SHF PROPERTY MANAGEMENT LTD - Analysis Report

Company Number: 13737449

Analysis Date: 2025-07-19 11:53 UTC

  1. Credit Opinion: APPROVE with caution. SHF Property Management Ltd demonstrates a stable asset base primarily in fixed assets (investment properties) with modest equity growth year-over-year. However, the company shows persistent negative net current assets, indicating working capital constraints and potential liquidity risks. The substantial current liabilities (£350,000) relative to low current assets (£8,269) requires monitoring, but the directors' continued investment and the absence of overdue filings support creditworthiness for modest lending, ideally secured against fixed assets or with covenant conditions.
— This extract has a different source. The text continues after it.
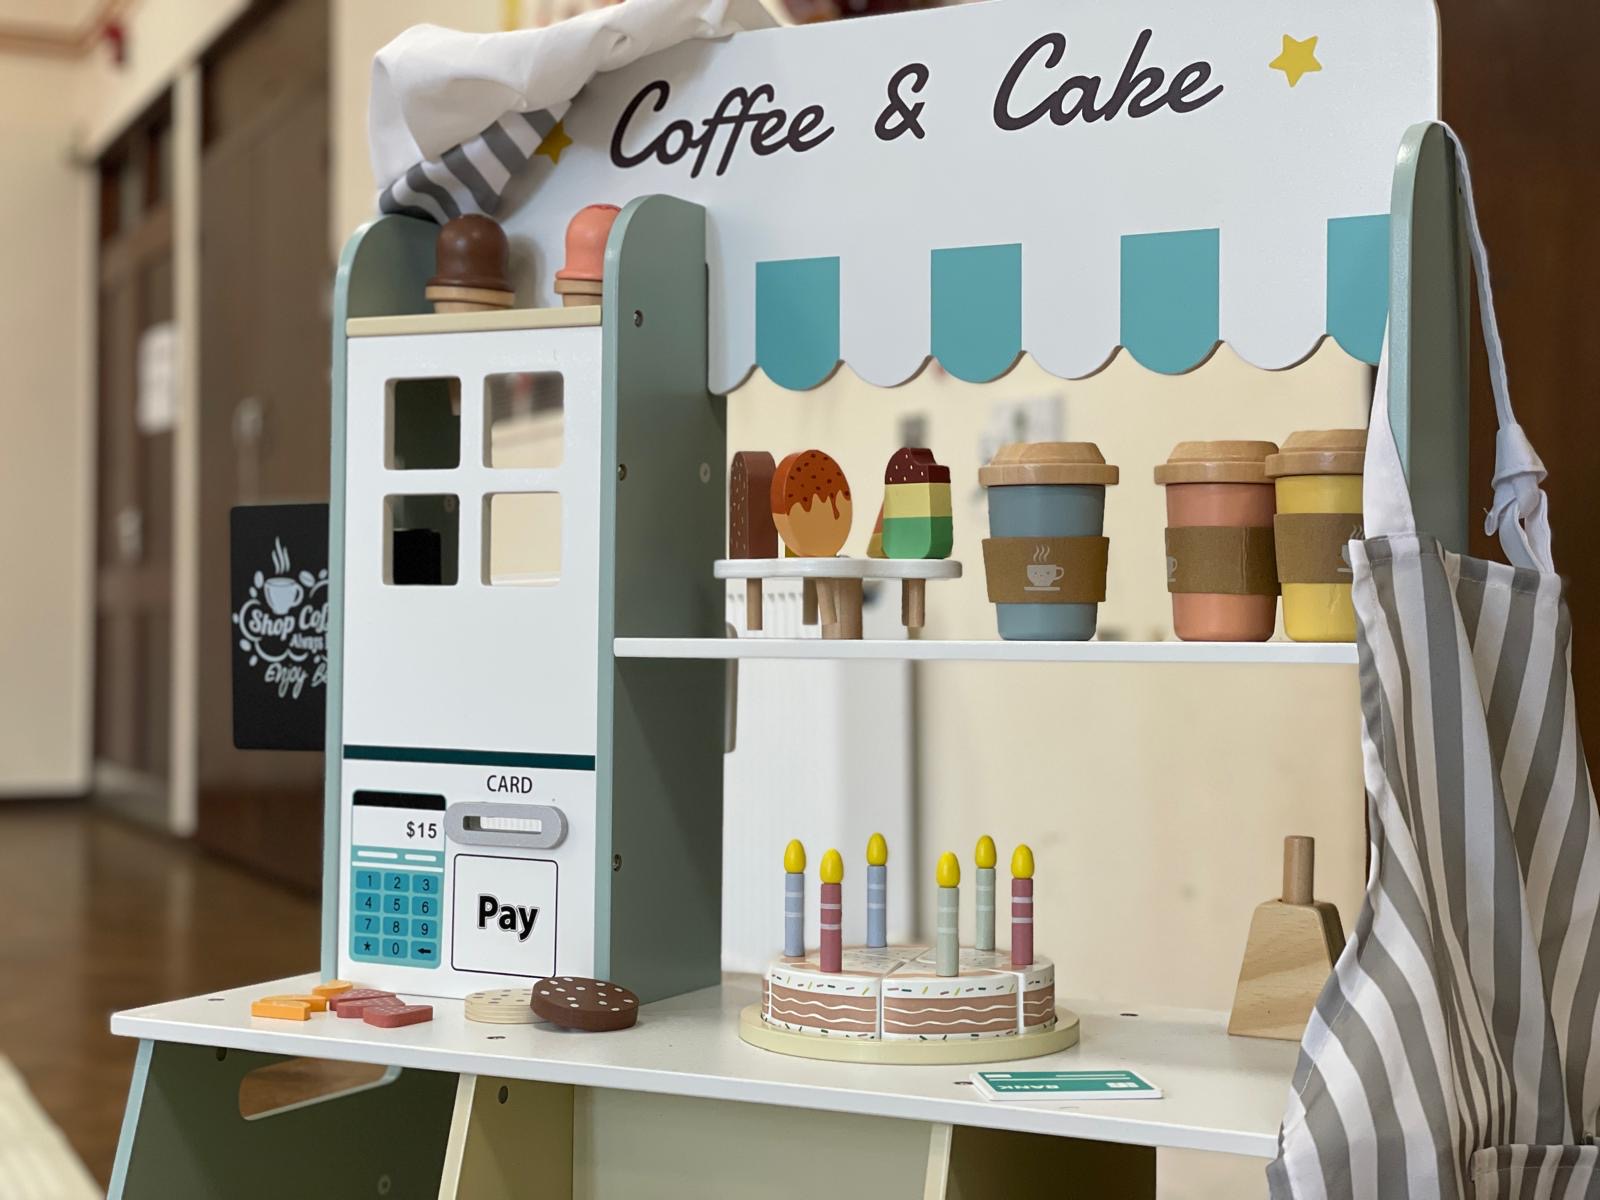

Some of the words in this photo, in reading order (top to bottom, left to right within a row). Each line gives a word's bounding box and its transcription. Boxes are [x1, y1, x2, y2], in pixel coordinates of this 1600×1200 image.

  2. Financial Strength: The company holds significant fixed assets valued at approximately £526k, which are its main strength, representing investment property valued at fair market. Shareholders’ funds have grown from £84.5k (2022) to £97.2k (2023), indicating modest retained earnings accumulation and a positive equity trajectory. However, net current liabilities of roughly £57k highlight ongoing short-term funding gaps. Long-term liabilities of £350k are stable but sizeable relative to equity, implying moderate gearing. Deferred tax provisions also reflect timing differences but are not unusual.
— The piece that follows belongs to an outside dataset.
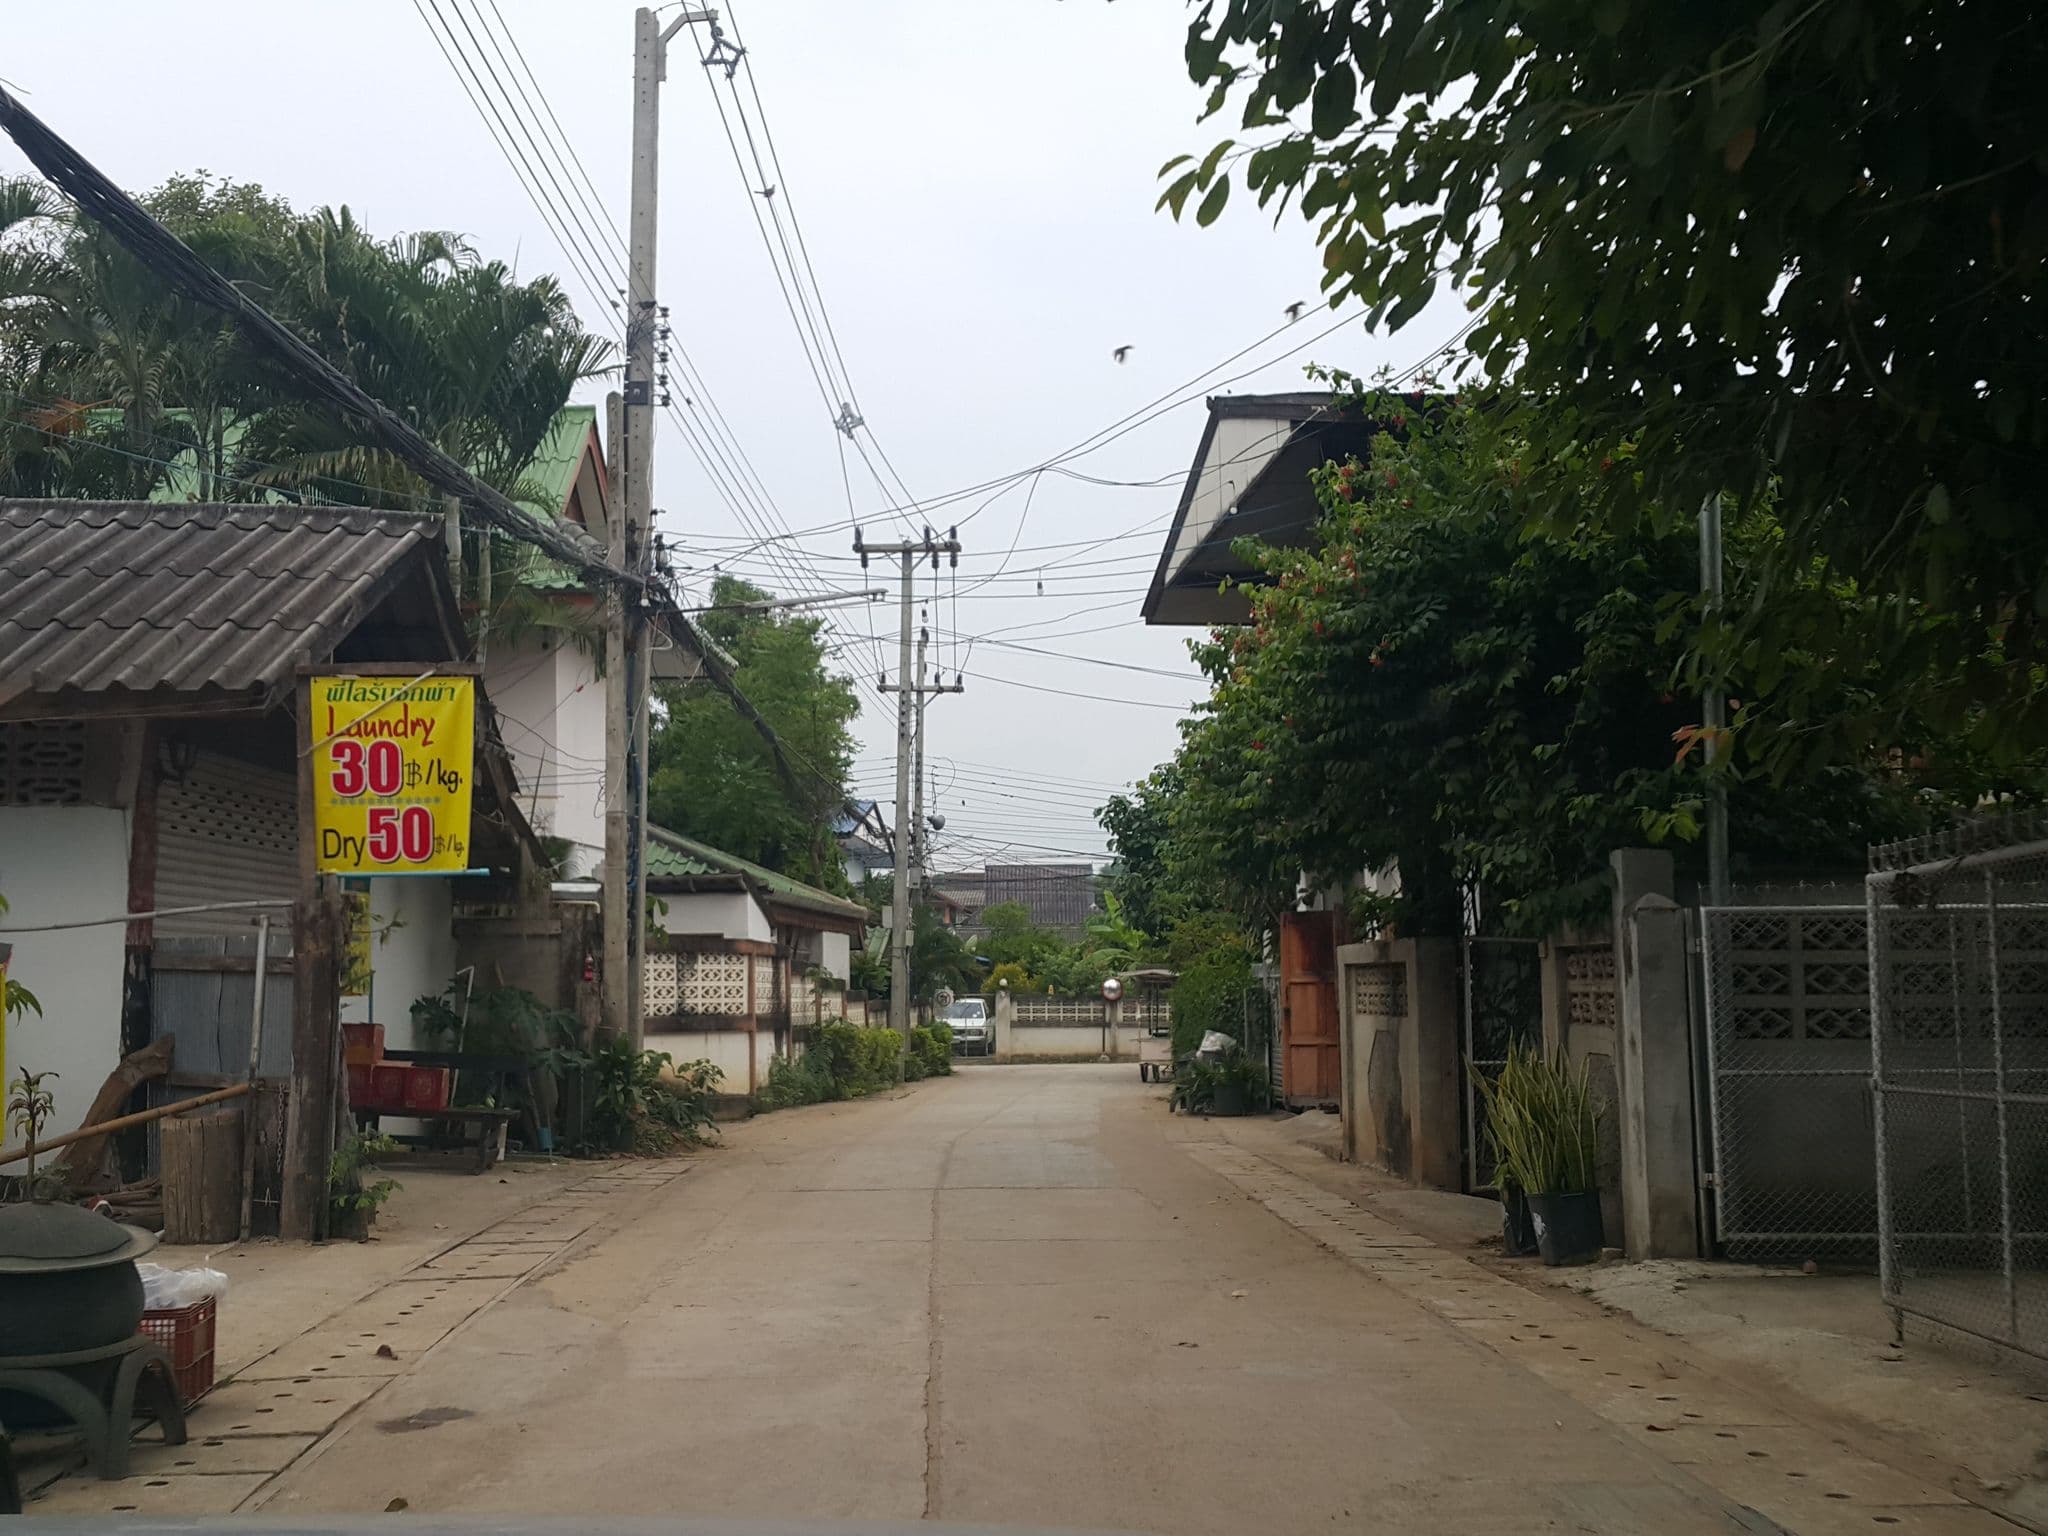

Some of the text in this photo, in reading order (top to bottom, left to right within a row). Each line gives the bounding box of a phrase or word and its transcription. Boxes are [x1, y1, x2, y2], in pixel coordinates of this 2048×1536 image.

  3. Cash Flow Assessment: Cash reserves are low at £8,269, less than 3% of current liabilities, suggesting tight liquidity. Debtors are negligible, so cash flow from receivables is minimal. Negative net working capital suggests the firm relies on long-term financing or shareholder support to cover short-term obligations. The absence of overdue filings and stable directors’ involvement imply ongoing cash management discipline, but liquidity risk remains a concern for increased credit exposure.

  4. Monitoring Points:

  • Current ratio and net working capital trends to assess liquidity improvement or deterioration.
  • Timely servicing of the £350k long-term liabilities and any changes in gearing.
  • Cash flow from operations and any changes in debtor or creditor balances.
  • Any material changes in property valuations or impairment.
  • Directors’ continued support or capital injections if working capital issues persist.